Other CAR-T therapies currently in development are lisocabtagene maraleucel, a CD19 CAR-T, and idecabtagene vicleucel, orvacabtagene autoleucel, and JNJ-4528, which are BCMA CAR-T therapies.

Common toxicities of therapy are tumor lysis syndrome, B cell aplasia, hemophagocytic lymphohistiocytosis (HLH)-like syndrome, disseminated intravascular coagulation (DIC), cytopenias, and infection. However, the 2 major treatment-related complications are cytokine release syndrome (CRS) and neurotoxicity, which is now formally called immune effector cell-associated neurotoxicity syndrome (ICANS).

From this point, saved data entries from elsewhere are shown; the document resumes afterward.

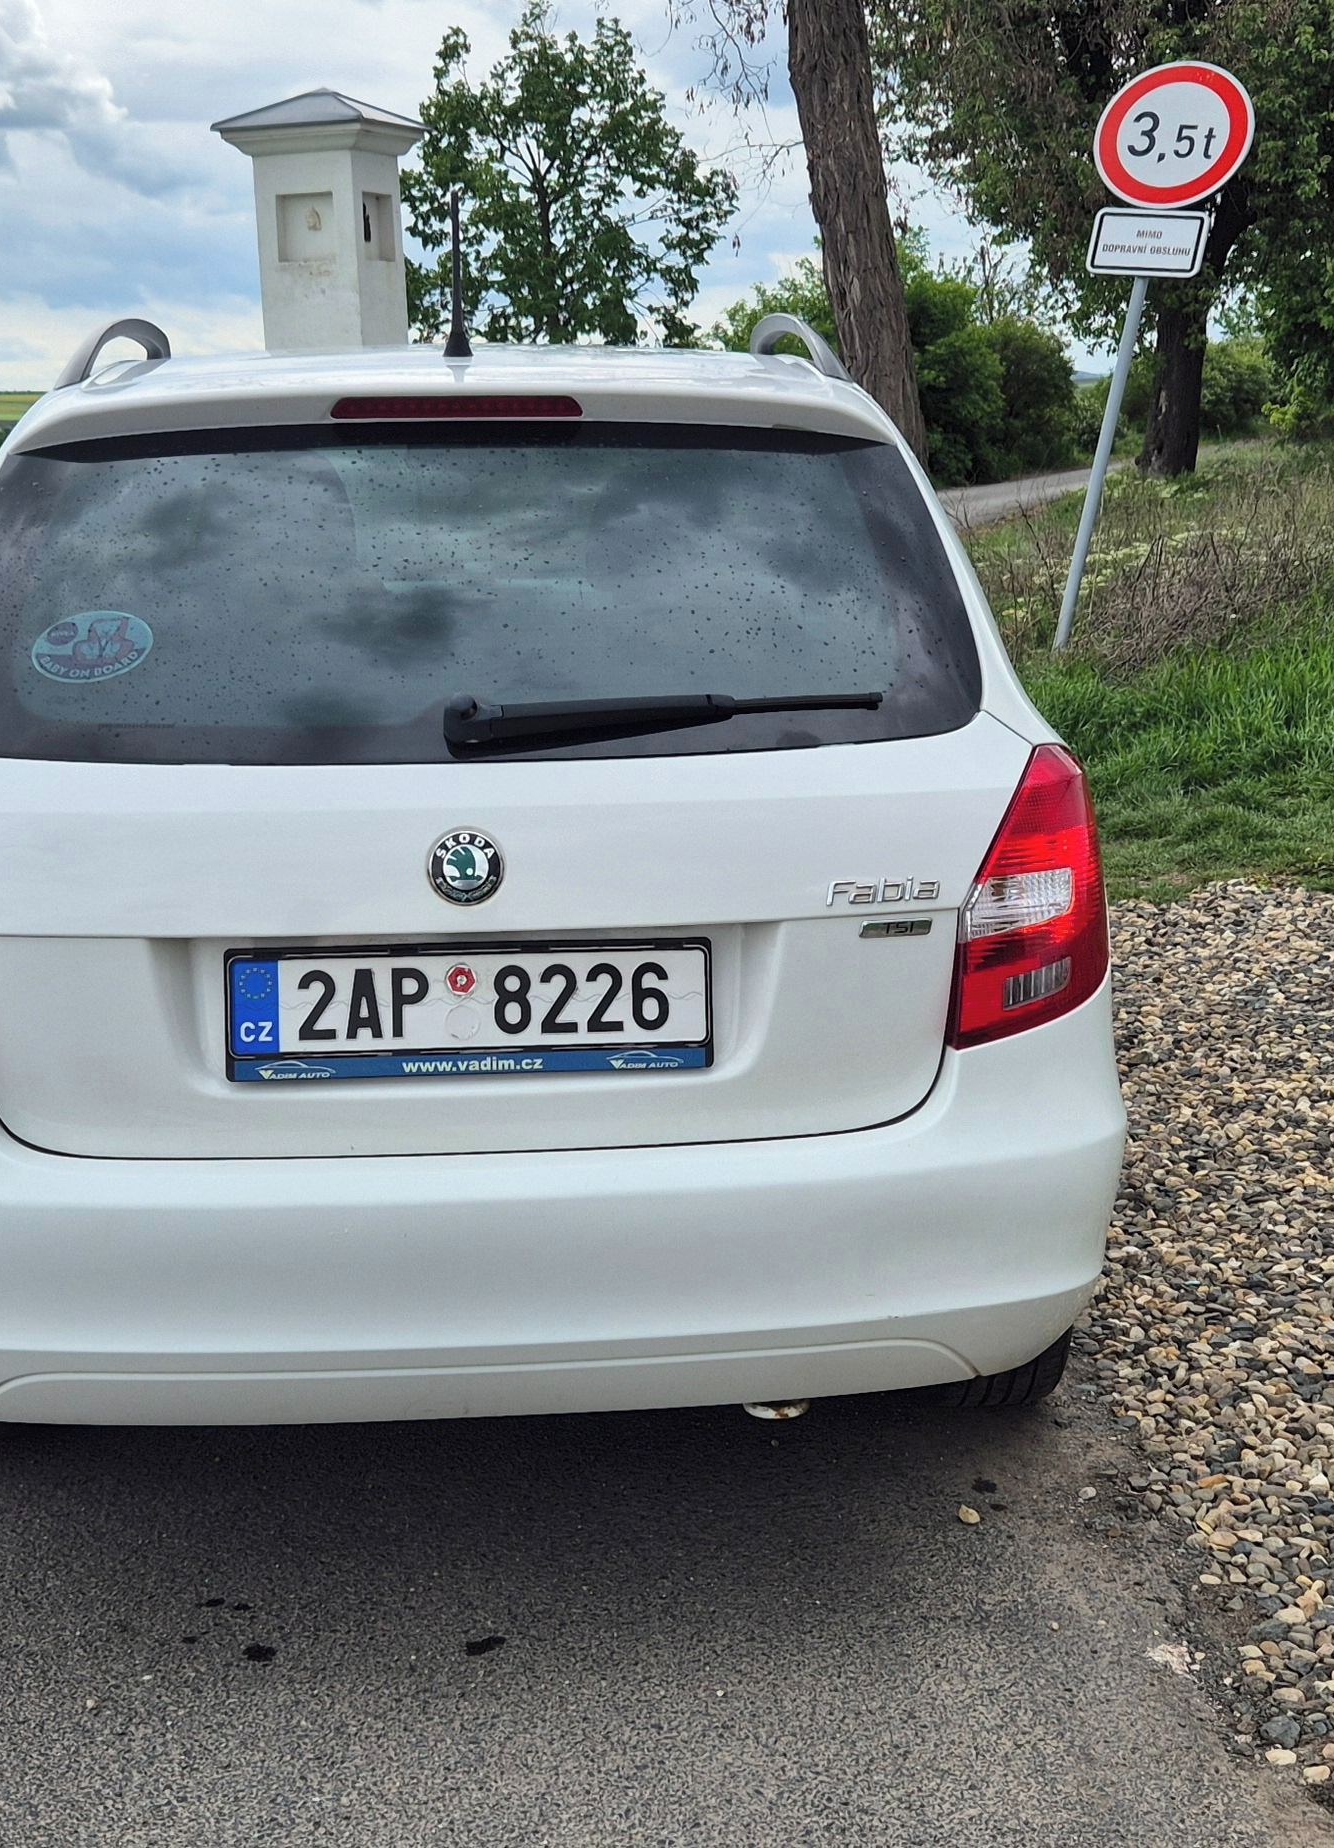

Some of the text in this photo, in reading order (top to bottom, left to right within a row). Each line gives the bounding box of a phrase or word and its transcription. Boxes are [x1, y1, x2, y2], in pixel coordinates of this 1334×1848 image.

[1136, 229, 1163, 240] MIMO
[1102, 243, 1191, 256] DOPRAVNÍ OBSLUHU
[40, 650, 139, 678] BABY ON BOARD
[827, 875, 940, 906] Fabia
[882, 921, 915, 935] TSI
[297, 962, 670, 1041] 2AP 8226
[239, 1020, 273, 1044] CZ
[402, 1056, 543, 1073] www.vadim.cz
[610, 1059, 679, 1069] VADIM AUTO
[258, 1069, 330, 1080] VADIM AUTO

Overall, the general complications of CRS and ICANS appear to be similar across the FDA-approved agents, but their frequency, rate of onset, and general peak level of toxicity varies. Regarding efficacy, the response rates for each of the 3 approved therapies are comparable.

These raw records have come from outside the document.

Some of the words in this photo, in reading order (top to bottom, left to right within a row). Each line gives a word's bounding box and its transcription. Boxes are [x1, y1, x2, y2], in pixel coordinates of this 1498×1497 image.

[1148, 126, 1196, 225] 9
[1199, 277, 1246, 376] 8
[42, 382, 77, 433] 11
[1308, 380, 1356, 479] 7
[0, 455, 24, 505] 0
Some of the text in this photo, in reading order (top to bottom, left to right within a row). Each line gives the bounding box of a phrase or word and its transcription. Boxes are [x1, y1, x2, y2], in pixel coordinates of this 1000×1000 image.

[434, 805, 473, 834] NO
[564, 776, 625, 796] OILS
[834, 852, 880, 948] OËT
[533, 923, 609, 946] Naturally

The barriers unique to CAR-T therapy are geographical factors (must be within 30-120 minutes travel time of the treatment facility), length of treatment (approximately 2 months), financial burden (travel and lodging costs, as well as medical expenses), caregiver requirements, and high-risk population. Some strategies navigators can use to help patients navigate through this often difficult process include early initiation of financial clearance, clear and thorough communication with the patient and their caregivers, coordination with internal patient resources, awareness of community resources available to this population of patients, and access to patient-learning resources.

Patients and their caregivers must remain close to the treatment facility for 1 month after CAR T-cell infusion. After that time, the patient is transitioned back to their oncologist for continued follow-up care. The FDA recommends following patients for 15 years posttreatment.

The components of follow-up care include an annual physical examination; monitoring for replication-competent retroviruses (RCRs) and persistence every 6 months for years 1 to 5, then annually for years 5 to 15; monitoring for adverse events of special interest (AESI) related to gene therapy; revaccination; and quality of life questionnaires.